▶ **Record extracts**:
----------

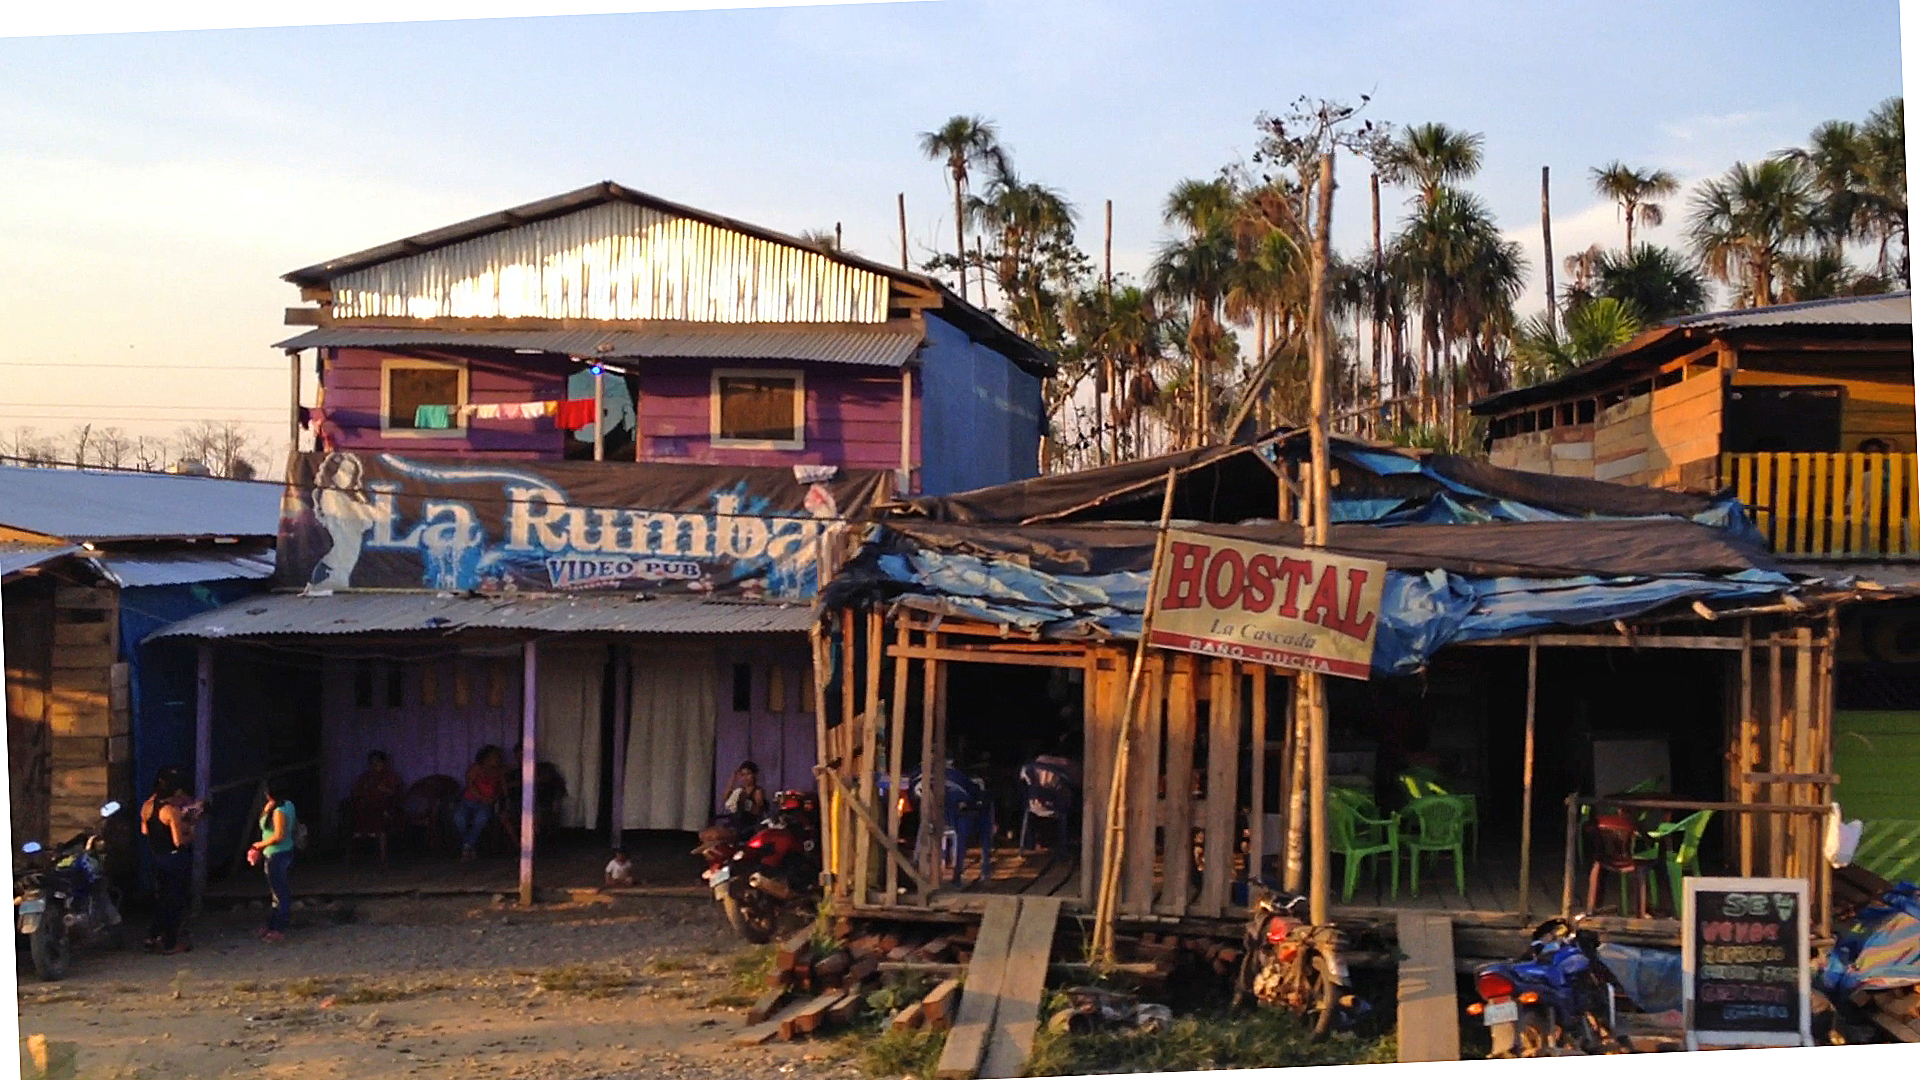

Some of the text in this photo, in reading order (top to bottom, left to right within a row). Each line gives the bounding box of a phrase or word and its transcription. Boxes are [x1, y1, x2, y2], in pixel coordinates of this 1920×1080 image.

[366, 484, 817, 560] La Rumba
[549, 559, 698, 584] VIDEO PUB
[1161, 541, 1376, 643] HOSTAL
[1210, 617, 1317, 650] La Cascada
[1262, 652, 1331, 672] DUCHA

----------

▶ **Your task**: Write all the lines above out again exactly, minus the images.

▶ **Task output**:
Some of the text in this photo, in reading order (top to bottom, left to right within a row). Each line gives the bounding box of a phrase or word and its transcription. Boxes are [x1, y1, x2, y2], in pixel coordinates of this 1920×1080 image.

[366, 484, 817, 560] La Rumba
[549, 559, 698, 584] VIDEO PUB
[1161, 541, 1376, 643] HOSTAL
[1210, 617, 1317, 650] La Cascada
[1262, 652, 1331, 672] DUCHA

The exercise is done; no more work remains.